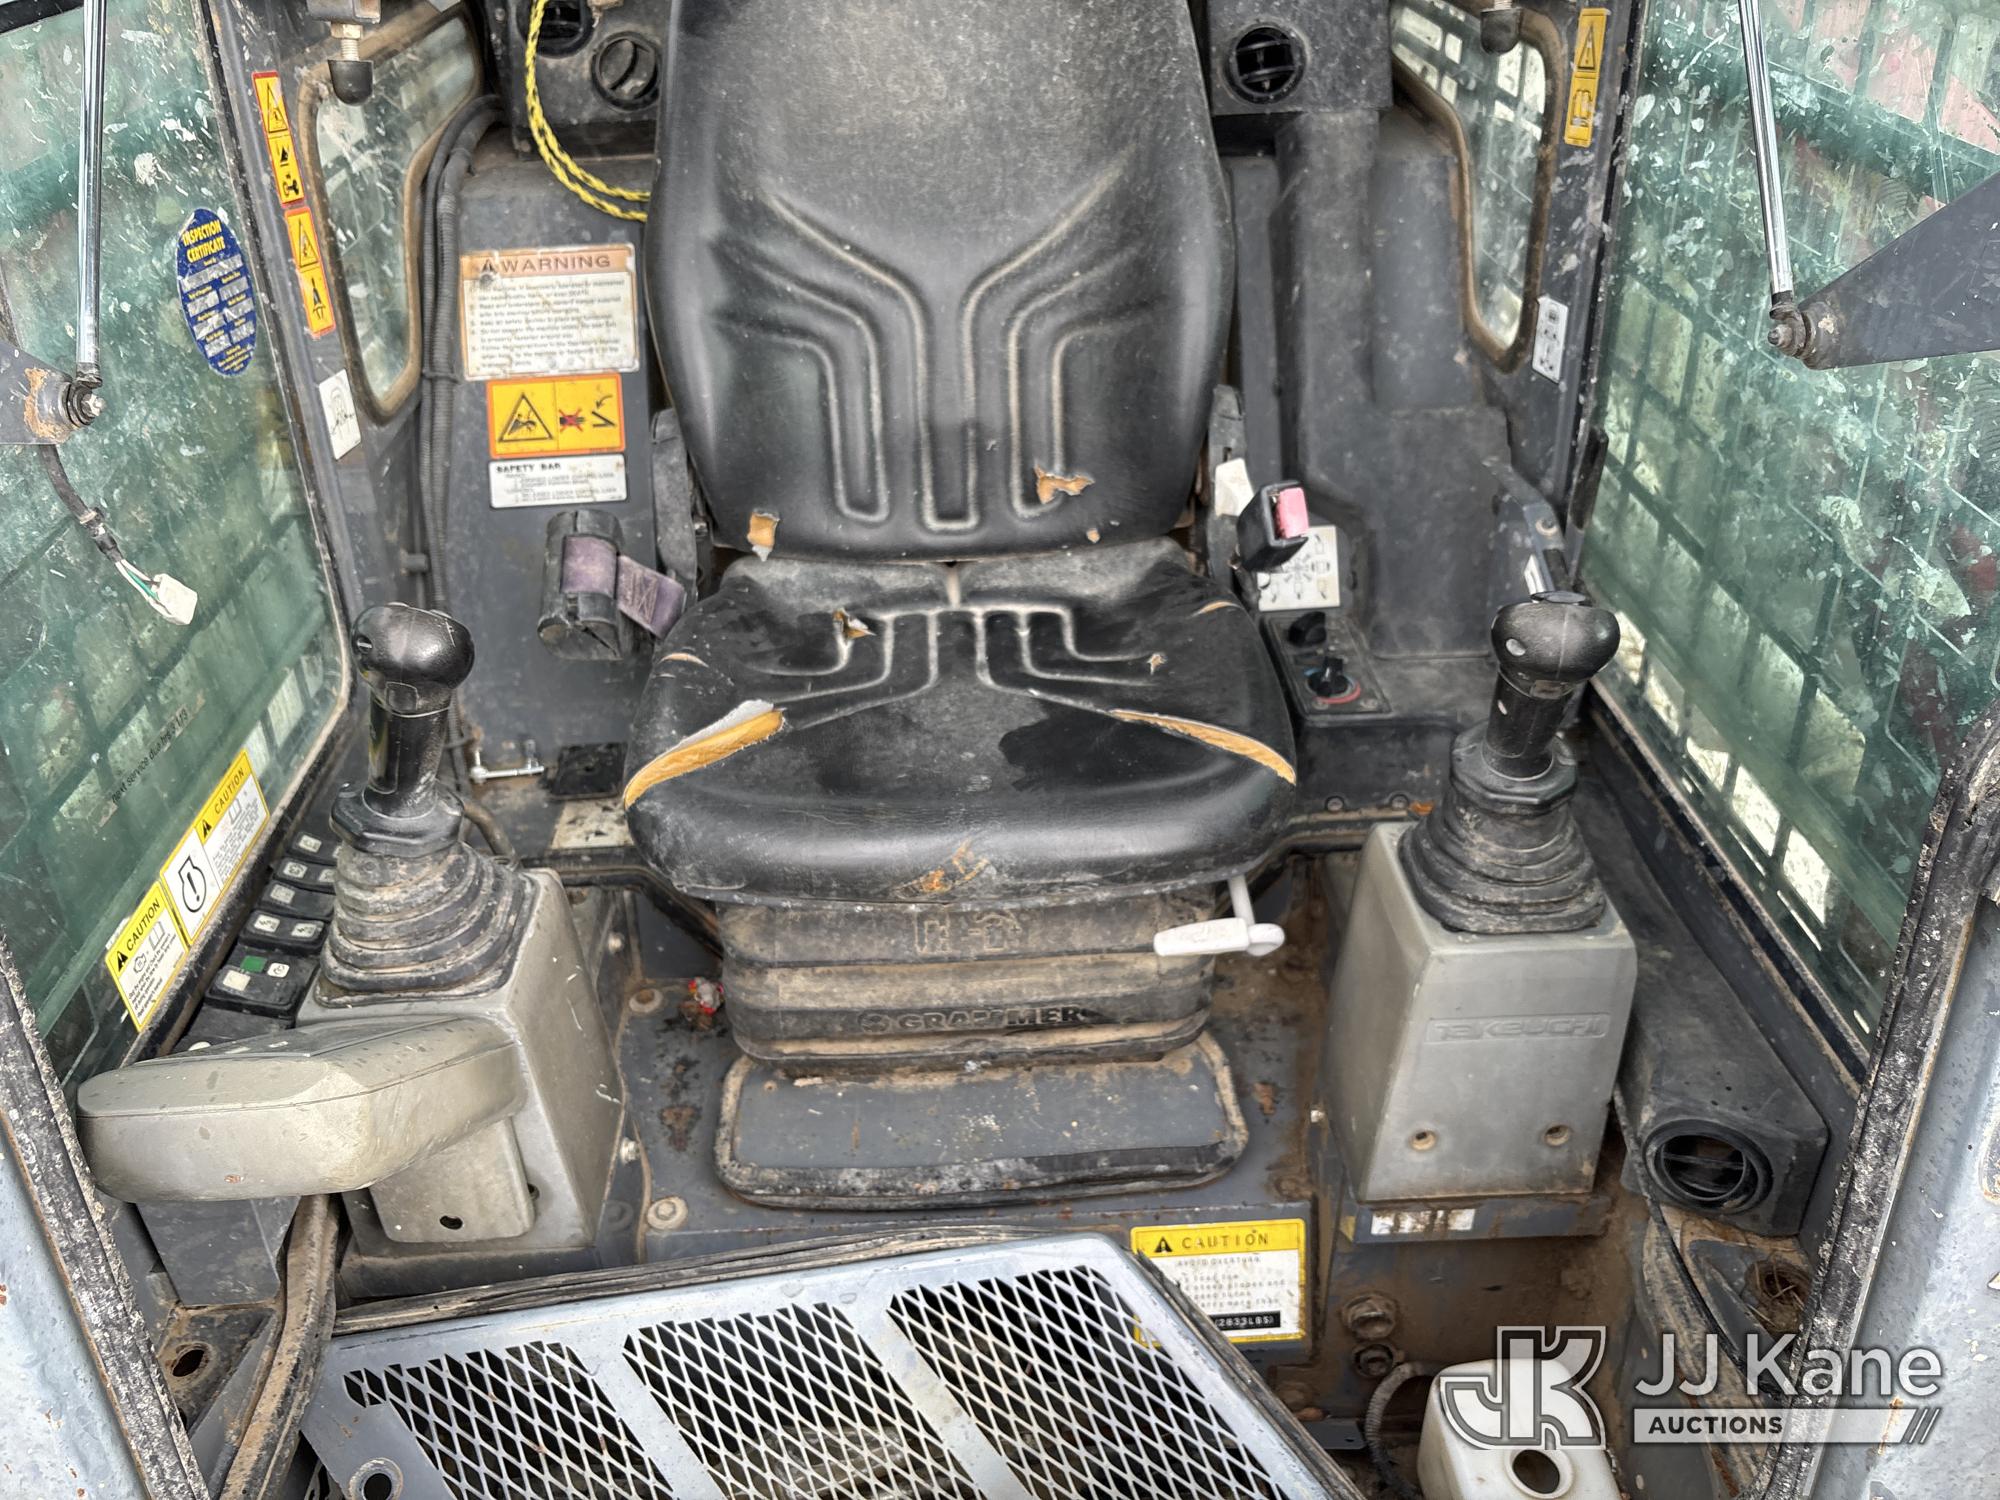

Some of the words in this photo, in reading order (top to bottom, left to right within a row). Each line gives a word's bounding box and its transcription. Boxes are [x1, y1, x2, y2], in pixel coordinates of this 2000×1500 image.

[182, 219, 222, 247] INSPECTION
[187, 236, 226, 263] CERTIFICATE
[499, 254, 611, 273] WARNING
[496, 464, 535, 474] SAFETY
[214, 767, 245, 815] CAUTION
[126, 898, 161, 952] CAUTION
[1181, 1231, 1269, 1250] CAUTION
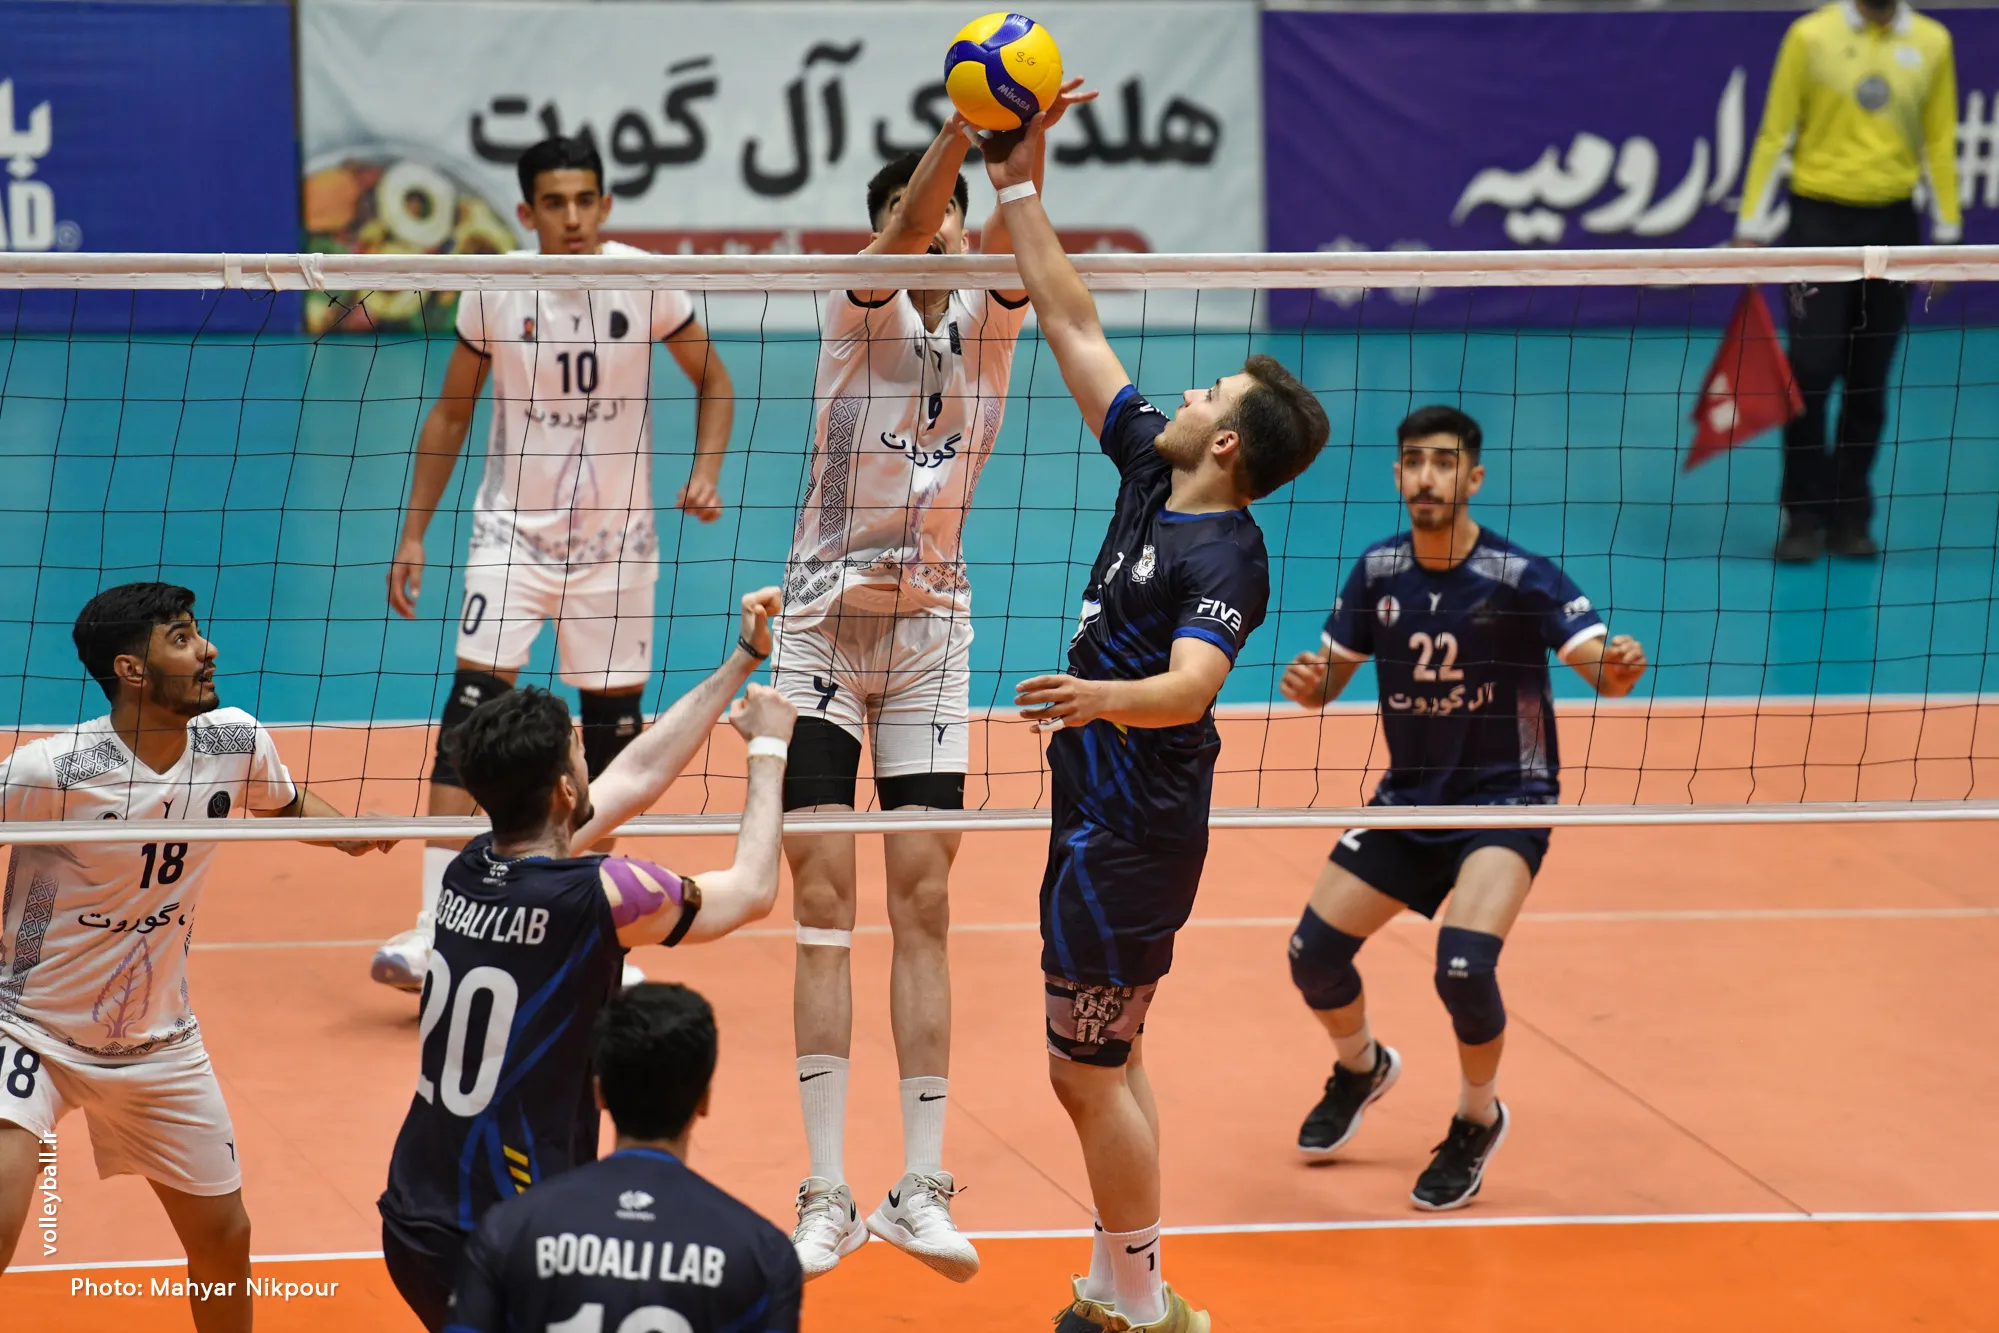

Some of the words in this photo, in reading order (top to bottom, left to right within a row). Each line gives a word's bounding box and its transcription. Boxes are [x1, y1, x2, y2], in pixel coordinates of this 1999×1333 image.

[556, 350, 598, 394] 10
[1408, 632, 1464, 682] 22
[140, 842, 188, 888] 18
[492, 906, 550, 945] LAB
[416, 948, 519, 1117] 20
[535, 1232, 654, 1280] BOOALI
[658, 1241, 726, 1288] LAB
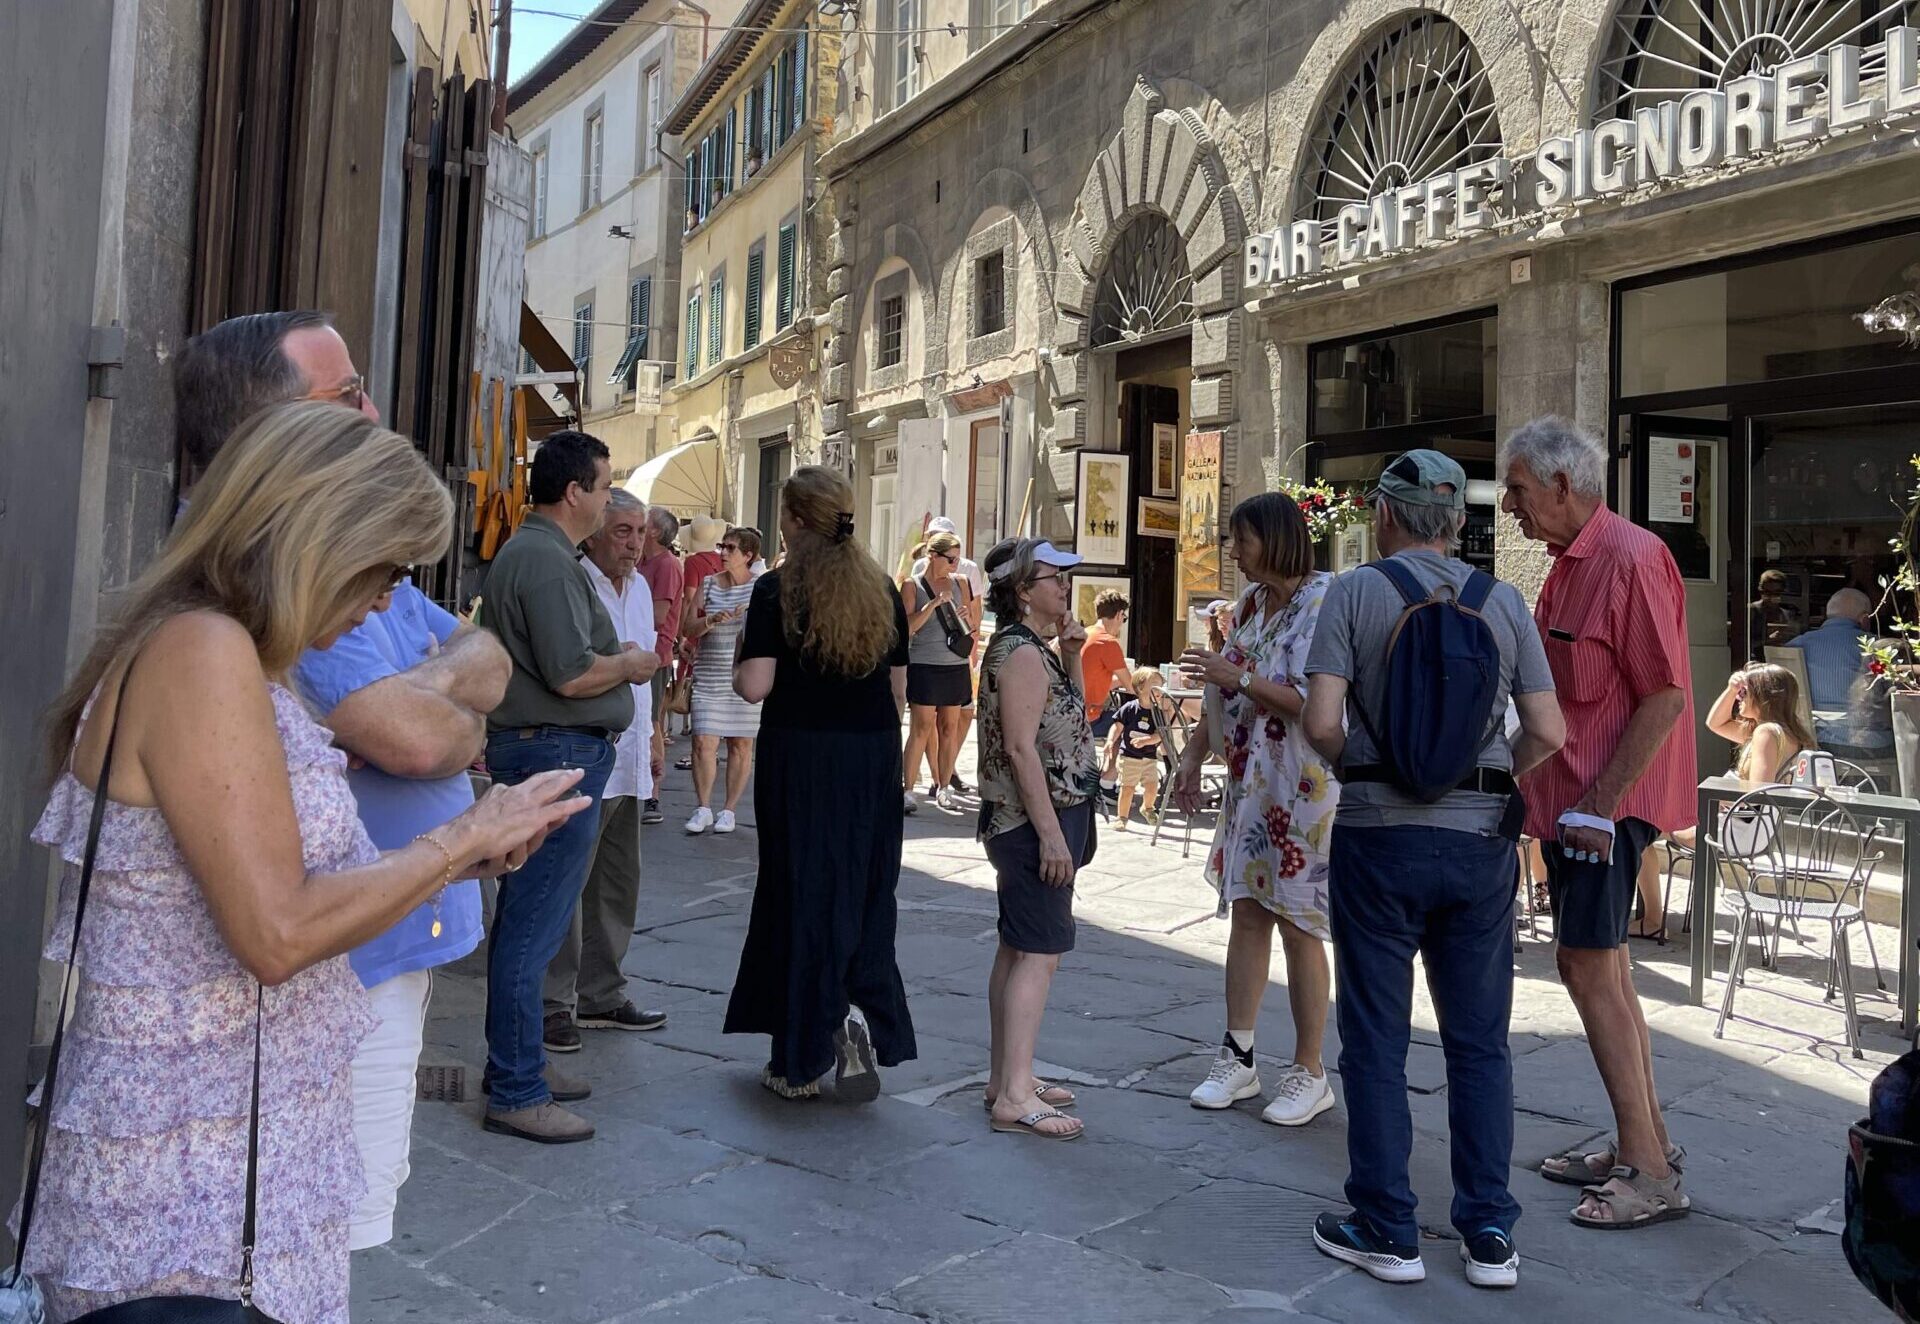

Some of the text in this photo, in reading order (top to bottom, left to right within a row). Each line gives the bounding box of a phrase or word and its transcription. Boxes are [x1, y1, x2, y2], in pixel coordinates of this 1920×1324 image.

----

__Try it__: Please reproduce every record exactly as written, excluding the pictures.

__Output for this exercise__:
Some of the words in this photo, in reading order (top to bottom, left to right within a row). Each line gives a word's bounding box and its transcription. Boxes are [x1, y1, x2, y2], in pixel coordinates of this 2000×1500 image.

[182, 219, 222, 247] INSPECTION
[187, 236, 226, 263] CERTIFICATE
[499, 254, 611, 273] WARNING
[496, 464, 535, 474] SAFETY
[214, 767, 245, 815] CAUTION
[126, 898, 161, 952] CAUTION
[1181, 1231, 1269, 1250] CAUTION

Some of the words in this photo, in reading order (top to bottom, left to right within a row). Each line gives a word's bounding box and its transcription. Boxes are [x1, y1, x2, y2], in pixel coordinates of this 1999×1333 image.

[556, 350, 598, 394] 10
[1408, 632, 1464, 682] 22
[140, 842, 188, 888] 18
[492, 906, 550, 945] LAB
[416, 948, 519, 1117] 20
[535, 1232, 654, 1280] BOOALI
[658, 1241, 726, 1288] LAB

Some of the text in this photo, in reading order (top to bottom, left to right within a row). Each line gives the bounding box of a phrase or word and its transcription. Boxes are [x1, y1, x2, y2], in pixel coordinates of this 1920×1324 image.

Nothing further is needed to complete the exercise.